January 2021: “Have you ever had anaphylaxis?” “No, I’ve never even met her.” It’s my very first shift in a Covid-19 mass vaccination centre somewhere in England and I am listening to a sprightly but mischievous septuagenarian being health screened to establish he is suitable for the jab. It takes more than that to faze an ex-ward sister and so she presses on, asking him about any serious allergies, blood disorders or other medical conditions he has that we should know about. As I note down his answers and tick various boxes on my computer screen it occurs to me that after a lifetime spent mostly in newspaper offices, this is very different job.

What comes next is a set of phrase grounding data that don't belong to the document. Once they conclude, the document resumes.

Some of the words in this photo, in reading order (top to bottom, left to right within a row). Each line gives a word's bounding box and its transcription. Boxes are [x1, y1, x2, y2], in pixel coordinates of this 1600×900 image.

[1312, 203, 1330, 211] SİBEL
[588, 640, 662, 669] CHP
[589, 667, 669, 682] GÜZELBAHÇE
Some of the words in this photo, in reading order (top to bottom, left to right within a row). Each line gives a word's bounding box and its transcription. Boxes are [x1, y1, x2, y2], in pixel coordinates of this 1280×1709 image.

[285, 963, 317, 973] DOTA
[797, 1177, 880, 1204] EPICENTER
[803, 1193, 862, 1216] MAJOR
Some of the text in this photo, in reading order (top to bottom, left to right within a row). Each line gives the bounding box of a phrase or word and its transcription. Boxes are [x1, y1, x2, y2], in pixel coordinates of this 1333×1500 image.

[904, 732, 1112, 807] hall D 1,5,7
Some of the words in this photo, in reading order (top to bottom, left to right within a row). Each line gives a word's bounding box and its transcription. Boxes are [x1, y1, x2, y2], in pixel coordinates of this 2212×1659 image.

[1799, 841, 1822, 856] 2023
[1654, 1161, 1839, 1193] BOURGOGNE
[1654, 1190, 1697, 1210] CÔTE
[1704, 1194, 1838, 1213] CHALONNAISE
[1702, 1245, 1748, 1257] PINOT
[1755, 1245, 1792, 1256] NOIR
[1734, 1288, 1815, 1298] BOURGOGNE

I belong to an army of 80,000 volunteer vaccinators who have answered the call to arms though I don’t march under Boris Johnson’s banner and nor, I suspect, do many of my colleagues. Who are they? Many are retired health-care workers but these are outnumbered by vets, architects, ex-police officers, pub managers, beauty therapists, out-of-work actors and, most of all, airline staff – mainly cabin crew.

We have all completed our online training – including, bizarrely, one course teaching us how to spot and de-radicalise a would-be terrorist. And we have been taught the theory of how to vaccinate but very few of us have ever stuck a razor-sharp one-inch needle into human flesh until the first time we do it for real.